(DATA EXCERPTS):
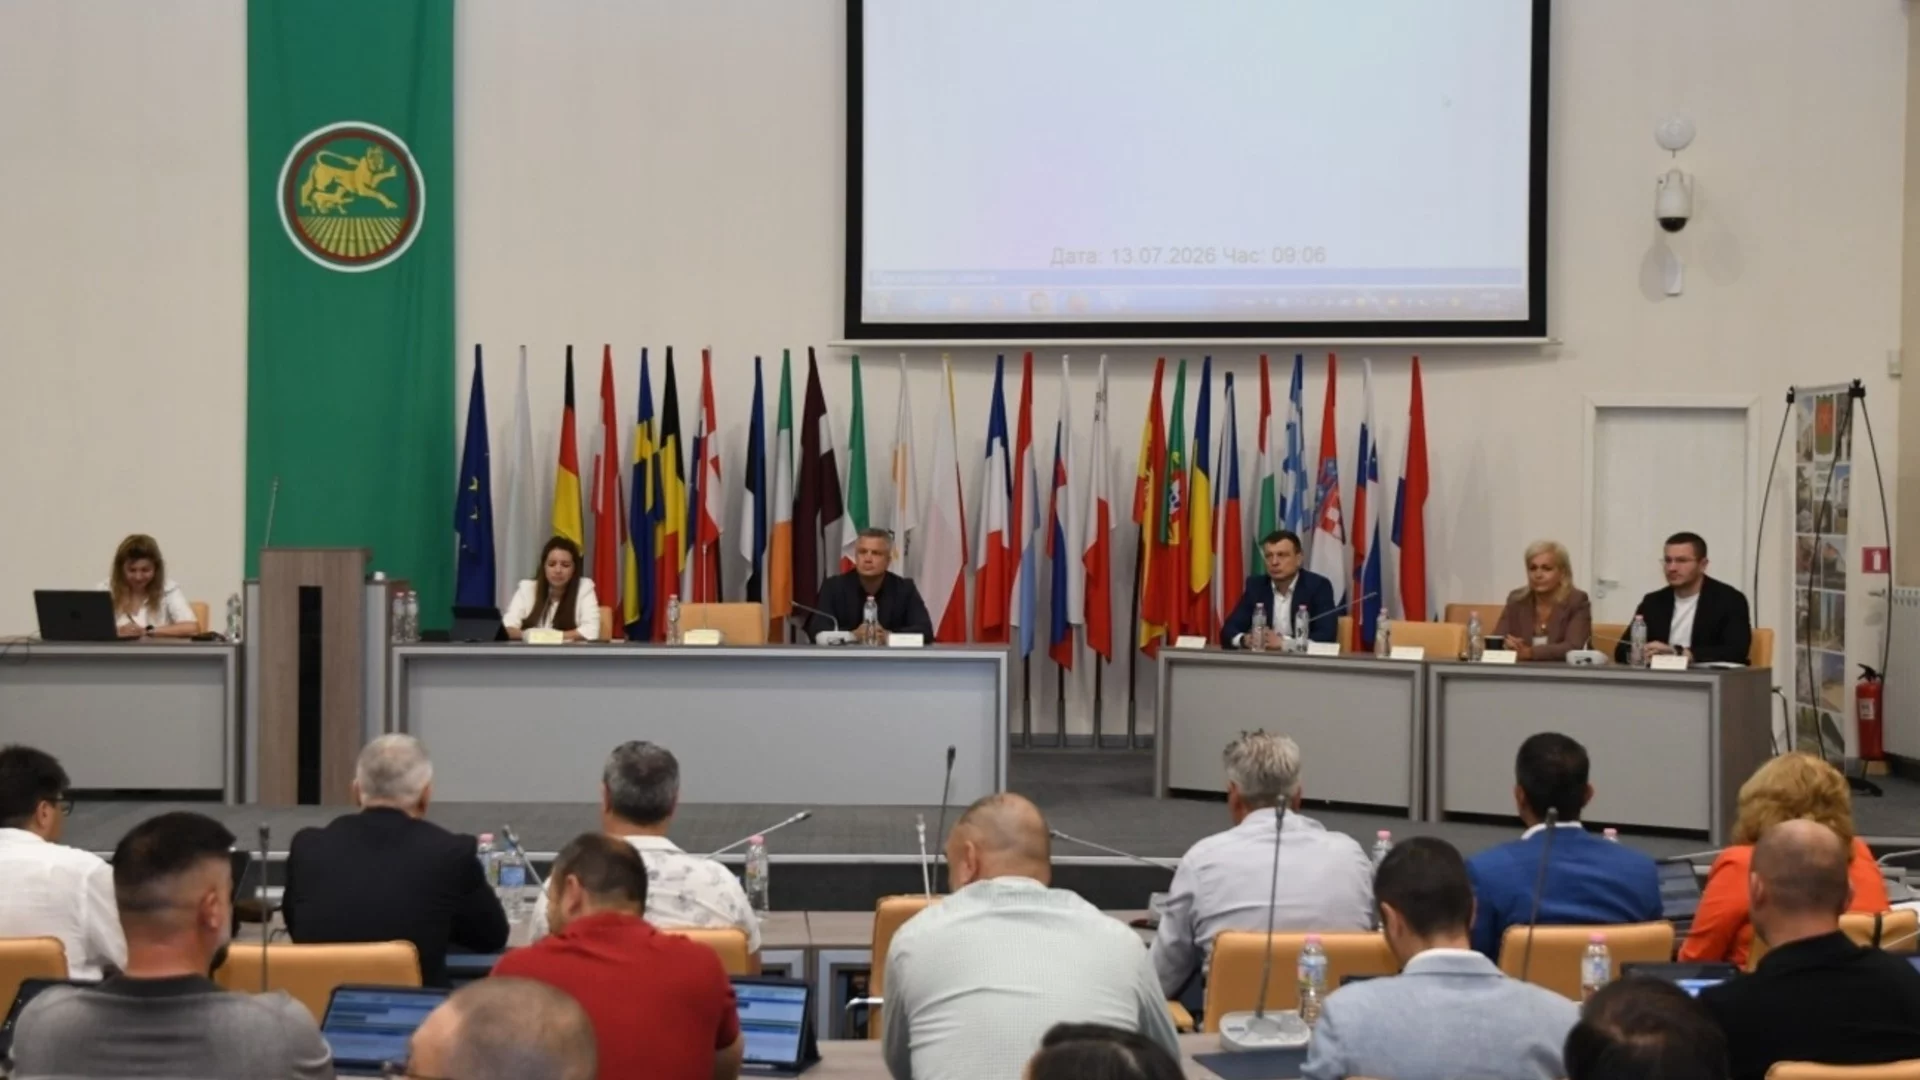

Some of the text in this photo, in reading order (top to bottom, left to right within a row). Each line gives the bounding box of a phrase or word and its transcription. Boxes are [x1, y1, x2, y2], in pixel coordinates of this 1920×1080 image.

[1050, 246, 1102, 267] Дата:
[1111, 246, 1217, 265] 13.07.2026
[1222, 246, 1265, 265] Час:
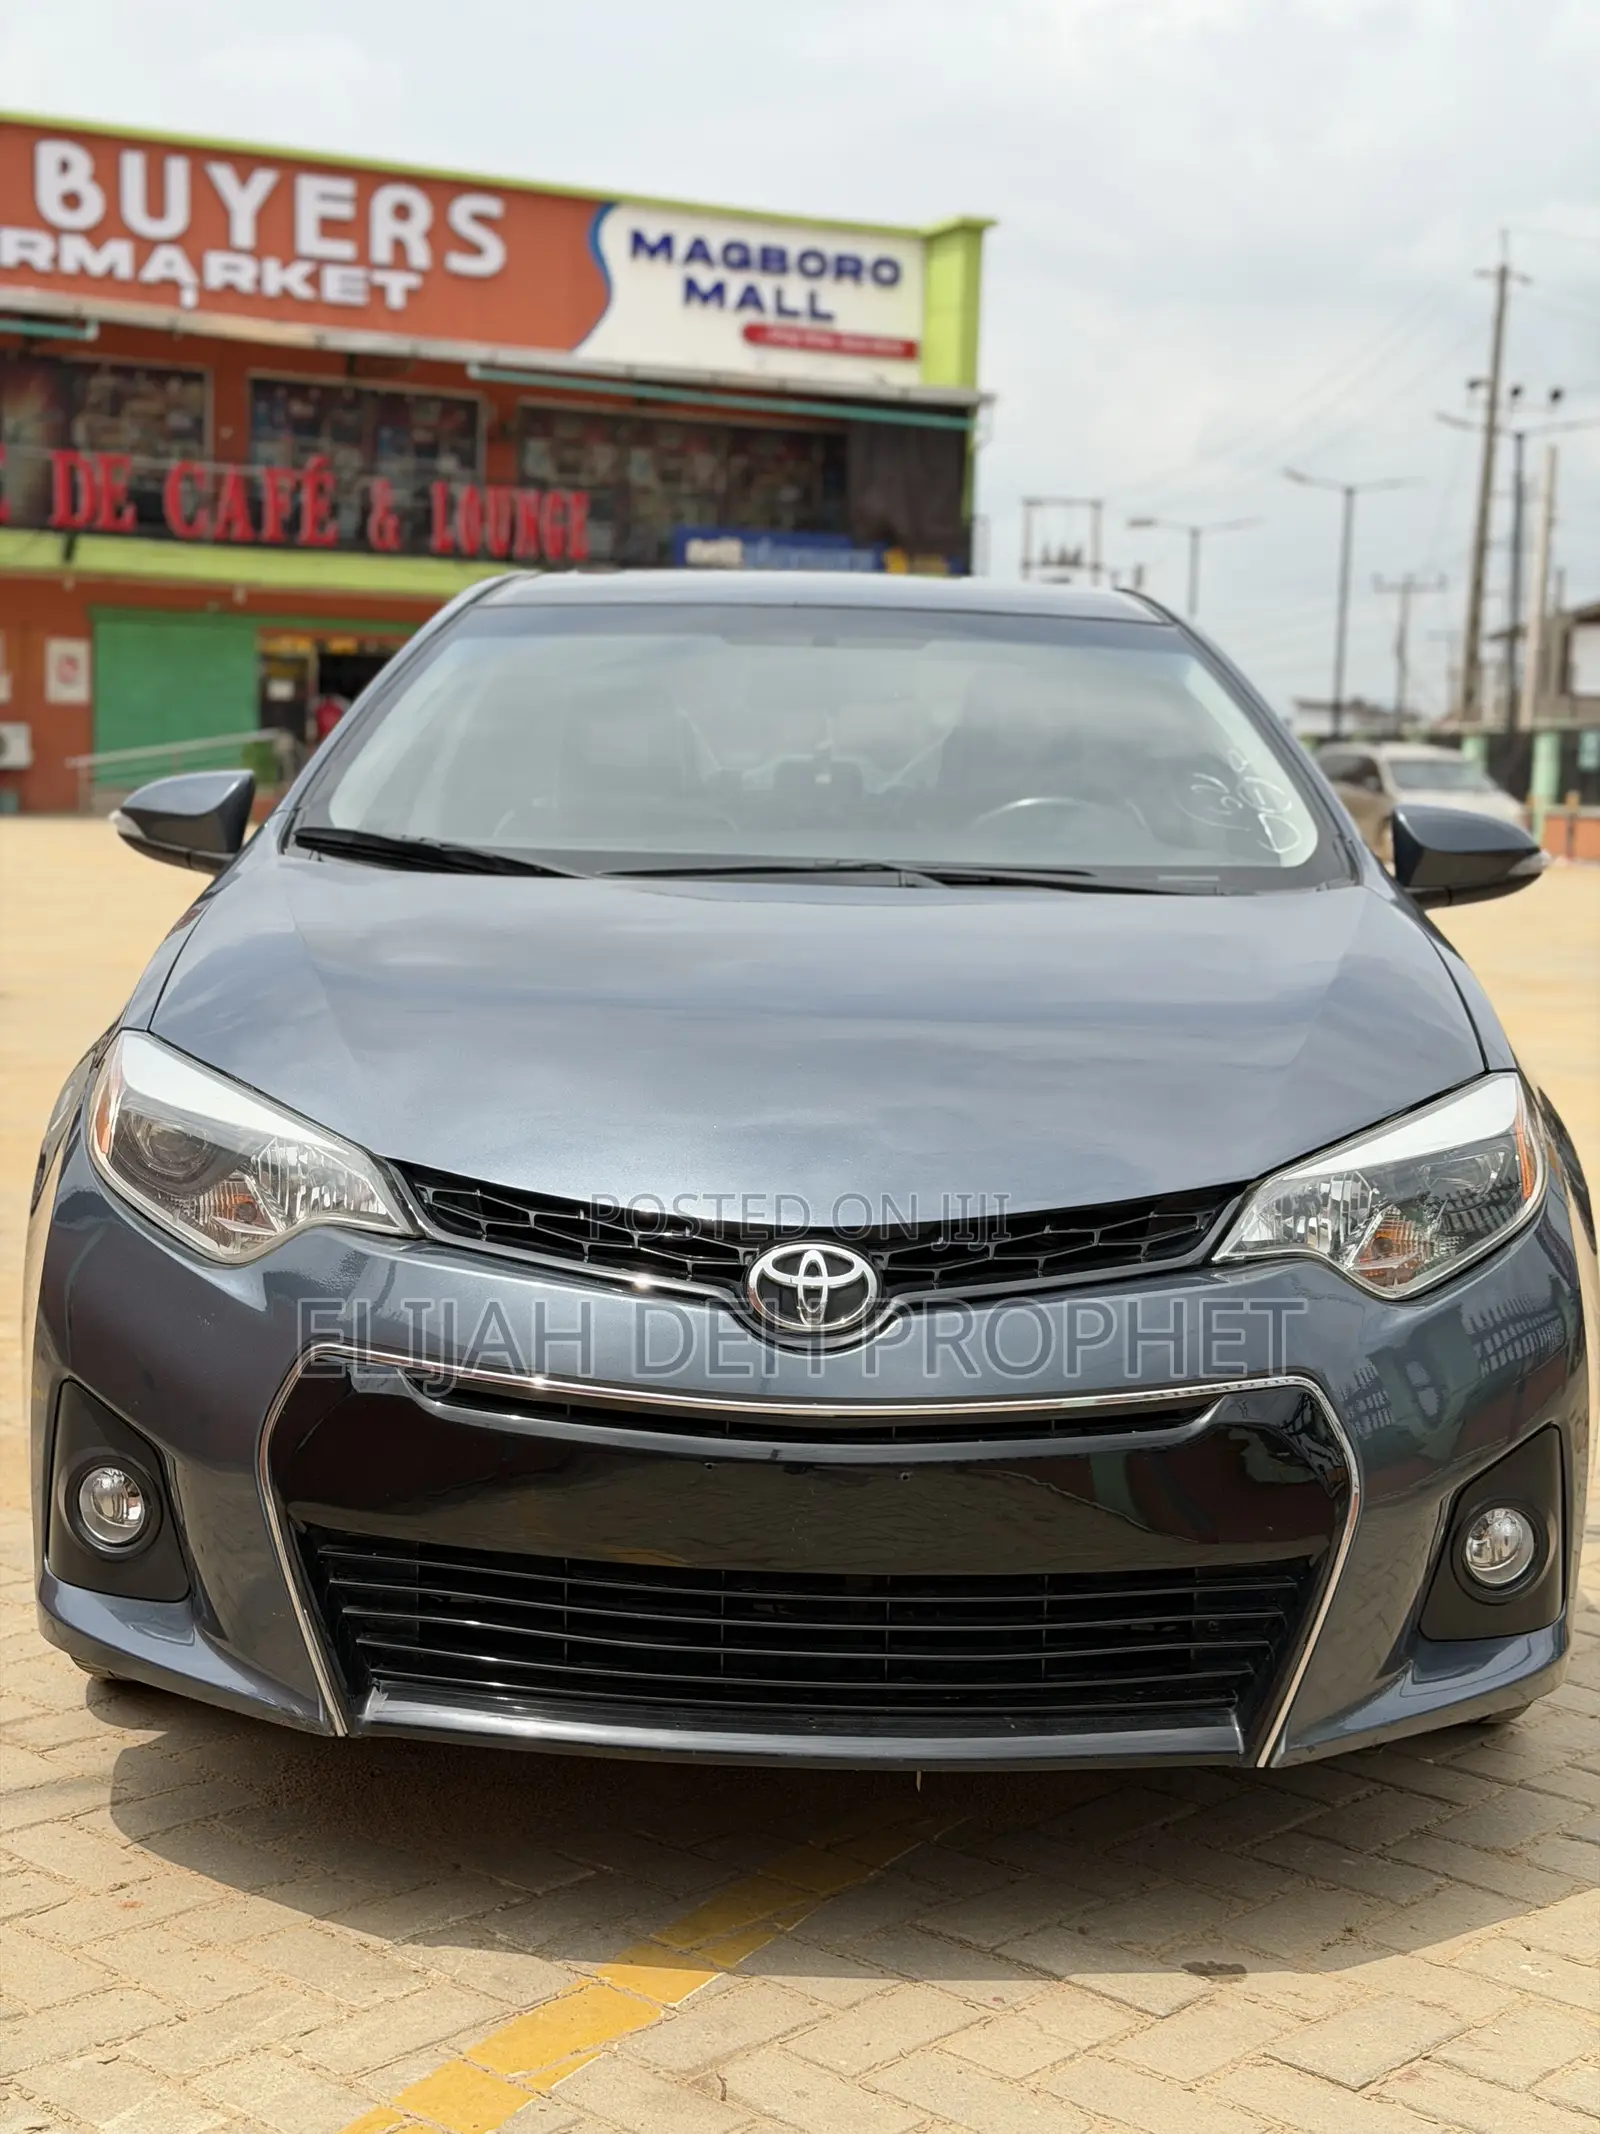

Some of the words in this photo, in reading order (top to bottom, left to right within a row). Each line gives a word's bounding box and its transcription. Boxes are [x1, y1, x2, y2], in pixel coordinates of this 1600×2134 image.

[34, 138, 507, 279] BUYERS
[631, 229, 901, 289] MAGBORO
[683, 276, 834, 322] MALL
[50, 449, 139, 533] DE
[162, 454, 338, 548] CAFÉ
[431, 480, 591, 561] LOUNGE
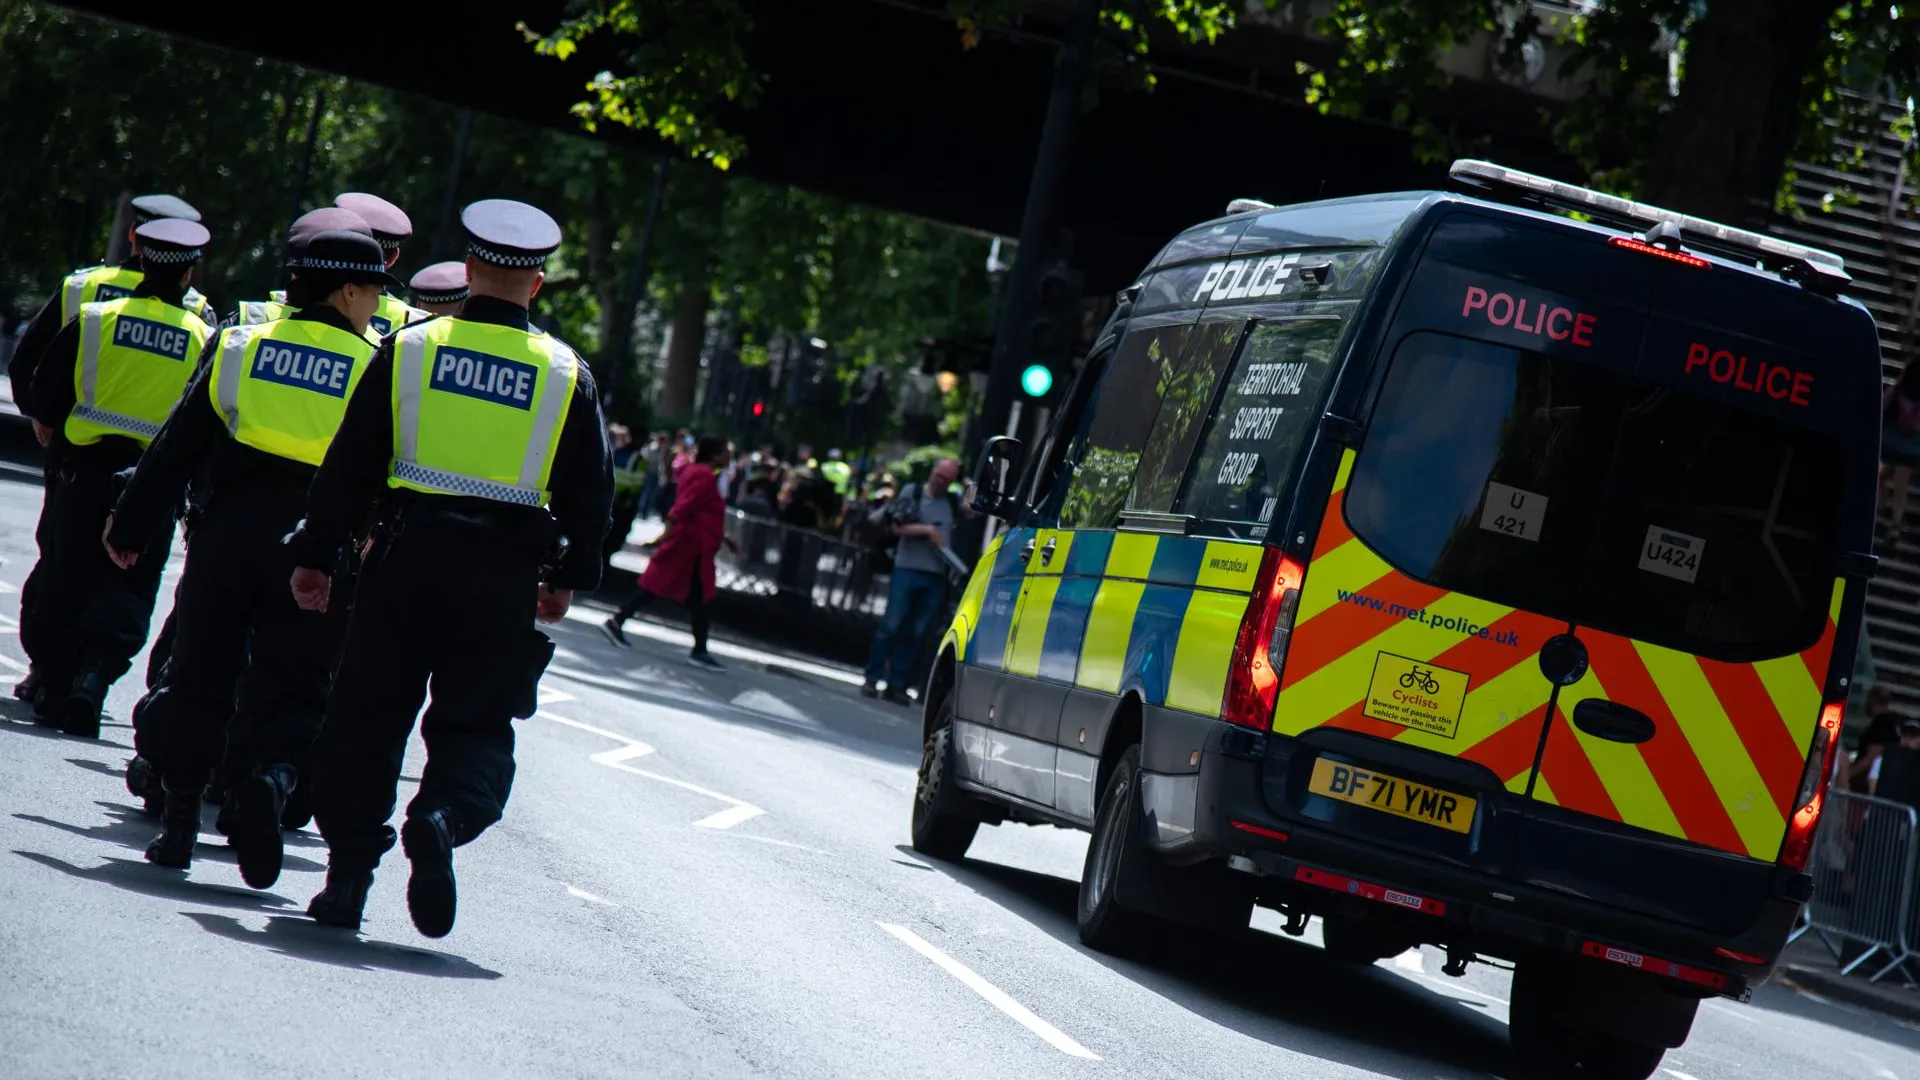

(WHAT NEEDS TO BE DONE):
Ignore the images and quote every line of the listing exactly.

(WRITTEN RESPONSE):
Some of the text in this photo, in reading order (top to bottom, left to right within a row). Each line gives the bounding box of a phrase or word and its transcription. Boxes are [x1, y1, x2, y2], in pixel coordinates of this 1920×1080 image.

[1050, 246, 1102, 267] Дата:
[1111, 246, 1217, 265] 13.07.2026
[1222, 246, 1265, 265] Час:

Some of the words in this photo, in reading order (top to bottom, left to right within a row). Each line gives a word's bounding box and its transcription. Boxes are [x1, y1, x2, y2], in pixel coordinates of this 1600×2134 image.

[34, 138, 507, 279] BUYERS
[631, 229, 901, 289] MAGBORO
[683, 276, 834, 322] MALL
[50, 449, 139, 533] DE
[162, 454, 338, 548] CAFÉ
[431, 480, 591, 561] LOUNGE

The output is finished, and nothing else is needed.